_WHAT YOU HAVE TO DO_.
What follows is a block of records; reproduce all of it verbatim.
══ MATERIAL SUPPLIED ══
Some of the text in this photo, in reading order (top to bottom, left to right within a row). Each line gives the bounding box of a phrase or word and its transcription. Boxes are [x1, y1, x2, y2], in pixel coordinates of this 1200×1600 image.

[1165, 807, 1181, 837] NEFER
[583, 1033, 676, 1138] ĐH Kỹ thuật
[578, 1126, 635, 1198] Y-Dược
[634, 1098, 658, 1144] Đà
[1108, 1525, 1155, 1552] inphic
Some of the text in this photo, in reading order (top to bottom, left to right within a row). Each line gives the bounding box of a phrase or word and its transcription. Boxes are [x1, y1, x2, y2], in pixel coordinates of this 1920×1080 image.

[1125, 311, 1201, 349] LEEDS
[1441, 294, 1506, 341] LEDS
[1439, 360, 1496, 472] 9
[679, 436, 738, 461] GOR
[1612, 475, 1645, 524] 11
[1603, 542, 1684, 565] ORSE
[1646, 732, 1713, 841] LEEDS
═══
_SOLVED PROBLEM_.
Some of the text in this photo, in reading order (top to bottom, left to right within a row). Each line gives the bounding box of a phrase or word and its transcription. Boxes are [x1, y1, x2, y2], in pixel coordinates of this 1200×1600 image.

[1165, 807, 1181, 837] NEFER
[583, 1033, 676, 1138] ĐH Kỹ thuật
[578, 1126, 635, 1198] Y-Dược
[634, 1098, 658, 1144] Đà
[1108, 1525, 1155, 1552] inphic
Some of the text in this photo, in reading order (top to bottom, left to right within a row). Each line gives the bounding box of a phrase or word and its transcription. Boxes are [x1, y1, x2, y2], in pixel coordinates of this 1920×1080 image.

[1125, 311, 1201, 349] LEEDS
[1441, 294, 1506, 341] LEDS
[1439, 360, 1496, 472] 9
[679, 436, 738, 461] GOR
[1612, 475, 1645, 524] 11
[1603, 542, 1684, 565] ORSE
[1646, 732, 1713, 841] LEEDS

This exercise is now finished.